Secondly, he equipped Bierut with the necessary papers, and then sent him off to the court and to Stawiguda to organize a legal experiment—one that would give him a second victory and the next foothold.
Thirdly, through Ewa Szarejna he had demanded a patrol car. He had no time or strength to drive or to sit in traffic jams. When she had expressed surprise, he’d won her over by spinning stories about his plans for his role as press spokesman, telling her he’d thought it through and realized communication could sometimes be the most important element in an investigation. Because a satisfied public was a helpful public. He had managed not to throw up as he told these lies and was very pleased with this minor victory.

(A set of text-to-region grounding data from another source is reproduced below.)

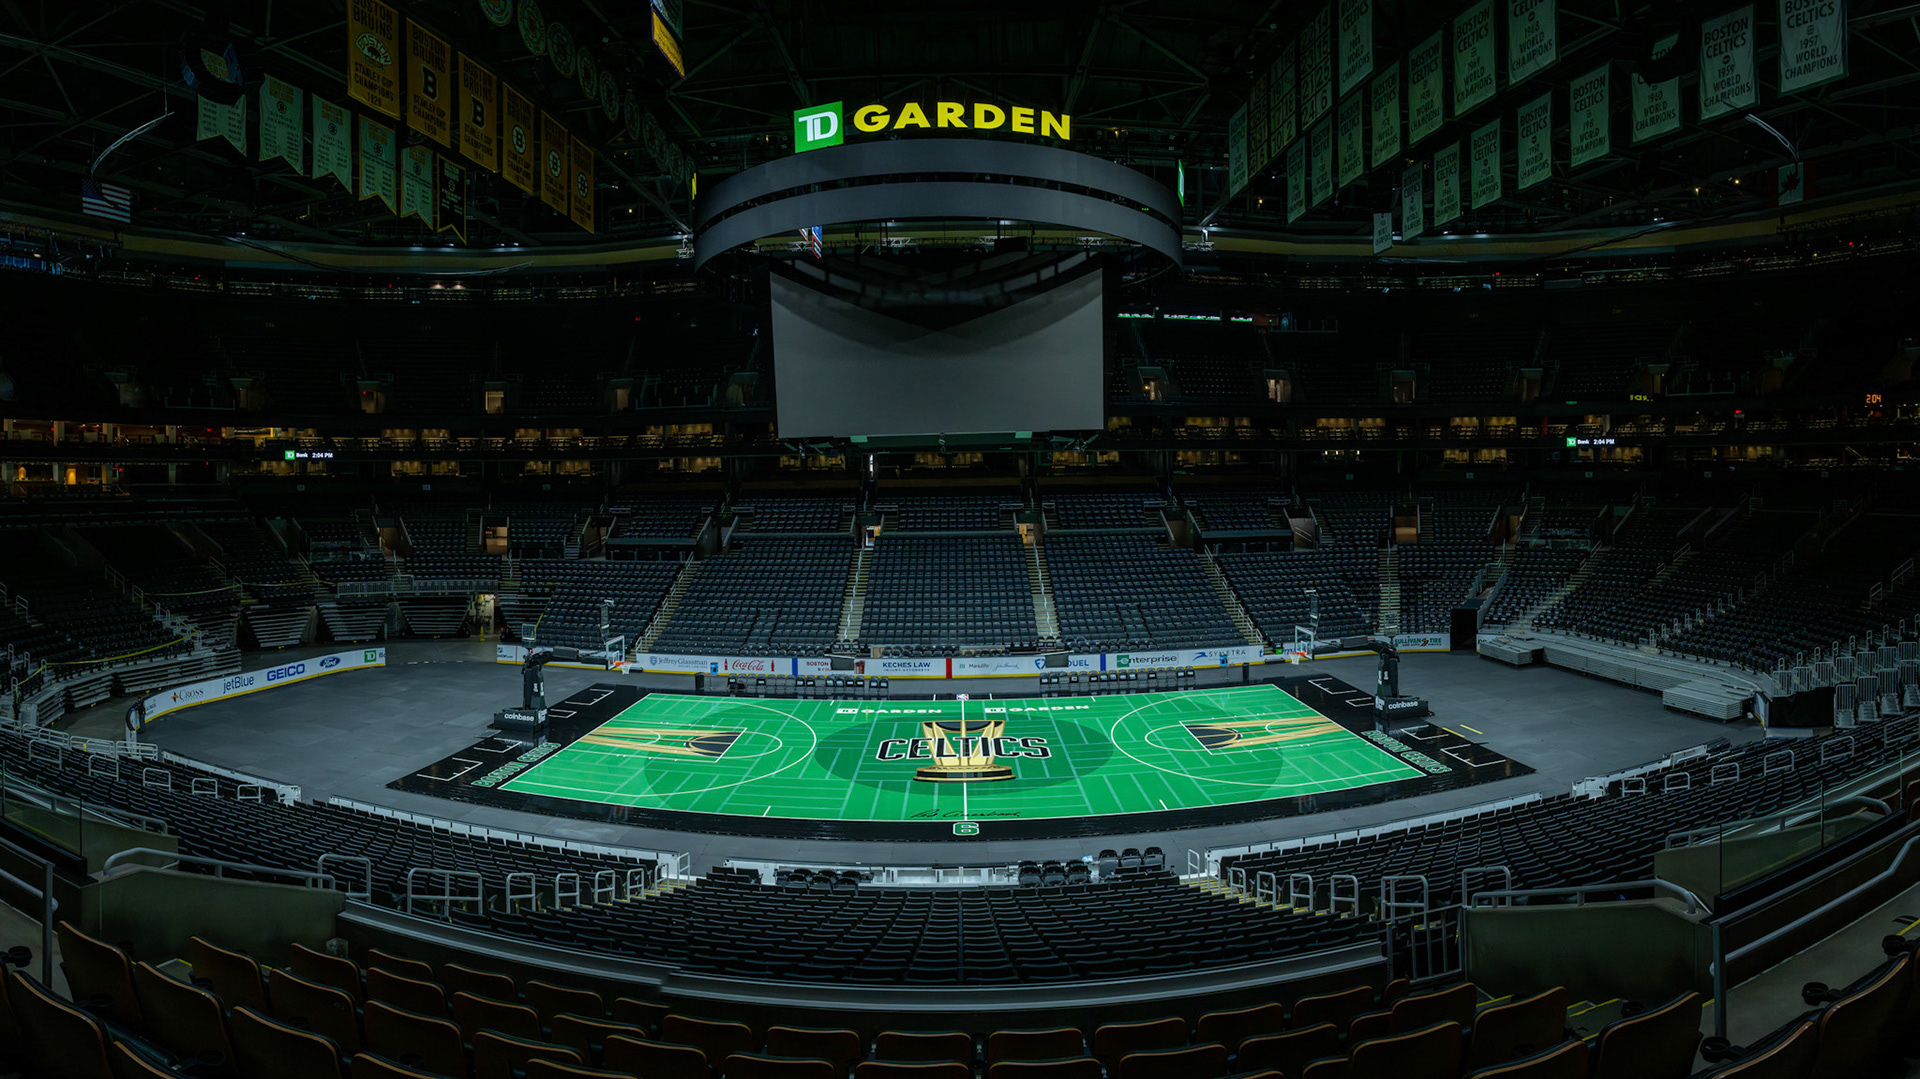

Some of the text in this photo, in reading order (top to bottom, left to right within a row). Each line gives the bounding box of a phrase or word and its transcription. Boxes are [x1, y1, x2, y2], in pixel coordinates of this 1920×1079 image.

[353, 0, 392, 24] OSTON
[353, 5, 392, 41] BRUINS
[1342, 0, 1369, 32] CELTICS
[1457, 6, 1490, 39] BOSTON
[1787, 1, 1835, 29] CELTICS
[412, 24, 446, 58] BOSTON
[1457, 22, 1489, 53] CELTICS
[1519, 31, 1545, 54] WORLD
[1704, 17, 1749, 46] BOSTON
[1799, 36, 1819, 50] 1957
[412, 40, 446, 73] BRUINS
[1411, 41, 1440, 72] BOSTON
[1512, 38, 1553, 71] CHAMPIONS
[1705, 32, 1747, 58] CELTICS
[1795, 45, 1828, 65] WORLD
[355, 62, 380, 82] STANLEY
[463, 57, 492, 87] BOSTON
[1316, 64, 1330, 89] 25
[1412, 56, 1439, 85] CELTICS
[1463, 66, 1485, 87] WORLD
[1718, 64, 1735, 79] 1959
[1784, 54, 1838, 81] CHAMPIONS
[354, 73, 394, 101] CHAMPIONS
[463, 72, 493, 103] BRUINS
[1302, 71, 1314, 102] 21
[1374, 71, 1397, 99] BOSTON
[1456, 74, 1492, 103] CHAMPIONS
[1573, 75, 1606, 101] BOSTON
[1713, 74, 1741, 92] WORLD
[1322, 89, 1328, 110] 6
[1374, 87, 1396, 112] CELTICS
[1574, 89, 1604, 112] CELTICS
[1703, 82, 1751, 108] CHAMPIONS
[1520, 103, 1549, 127] BOSTON
[1635, 108, 1677, 131] CHAMPIONS
[1644, 101, 1668, 117] WORLD
[798, 101, 1071, 142] TD GARDEN
[1286, 121, 1292, 140] 2
[1521, 117, 1547, 139] CELTICS
[1473, 127, 1498, 150] BOSTON
[1573, 135, 1606, 156] CHAMPIONS
[1579, 127, 1600, 143] WORLD
[1435, 151, 1457, 171] BOSTON
[1474, 141, 1497, 162] CELTICS
[1436, 163, 1458, 181] CELTICS
[1520, 159, 1550, 181] CHAMPIONS
[1394, 637, 1422, 647] SULLIVAN
[266, 664, 306, 681] GEICO
[320, 657, 341, 668] Ford
[223, 673, 255, 694] jetBlue
[504, 712, 535, 721] coinbase
[1008, 705, 1090, 713] GARDEN
[1388, 701, 1419, 710] coinbase
[875, 736, 1052, 761] CELTICS
[953, 821, 981, 837] 6

Finally, taking advantage of his position as Falk’s supervisor, he had demanded the file for Kiwit’s case. He had soon remembered it: Two weeks ago Witold Kiwit—fifty-two years old, wife, two sons, owner of a firm that made tarpaulin—had been brought to the hospital by ambulance. The serious injury to his ear implied the involvement of third parties, so the hospital had informed the police, and at the prosecution service, Falk had taken on the case. Contrary to common sense, the injured man had claimed to have done it himself by accident and refused to identify those responsible. There was nothing to be learned from the
interview transcript—Kiwit had stubbornly stuck to his version of events.
Sitting in the back of the patrol car on the way to Kiwit’s house, Szacki was sure that as an experienced investigator, additionally equipped with proof in the form of the DNA analysis, he would have no problem prompting Kiwit to tell the truth.
But after half an hour he felt as if nobody could ever have been so badly mistaken. It would be easier to extract his own intestines through his nose than get anything out of Kiwit.
“I think you’re wrong, and you definitely can help,” he said calmly, “but you’re not yet aware of it.”
Behind Kiwit stood a bourgeois dresser with such crystal-clear glass that it looked as if it were cleaned three times a day. Szacki caught his own reflection and adjusted his slightly crooked tie.
“Well, quite, it was a bad injury of course. It was slippery, and I was walking—”
“Of course. I heard you. OK, you refuse to tell the truth. Your public responsibility doesn’t appeal to you. Now please listen to the consequences. I will find the people who did this to you. Sooner or later. These people have more on their conscience than just your ear . . .” A shadow of fear crossed Kiwit’s face, identical to the one Szacki had seen the day before in the eyes of the wife-beater from Równa Street.
“So it’s going to be a major case, highly publicized, with long sentences. In this sort of investigation there’s always some collateral damage along the way. I promise you’ll be part of the fallout. You’ll be officially involved in the case, within the range of interest of the law enforcement agencies, and I will have you charged with withholding information about a crime, and there will be several lesser charges too. It will probably end in a suspended sentence, but you know what it’s like if you have a conviction. The bank withdraws its loans, the tax office takes an interest, and clients head for the hills. In less than a year, you’ll have no company, no prospects, and maybe no family. You’ll be in debt, and you’ll be throwing heart medication down your throat by the handful. Maybe at that point you’ll think it couldn’t possibly get any worse. But you’ll be wrong. Because that’s when I’ll really crank it up. Do you ever read the papers? Ever read about the civil servants who can destroy a man and get away with it, have you?”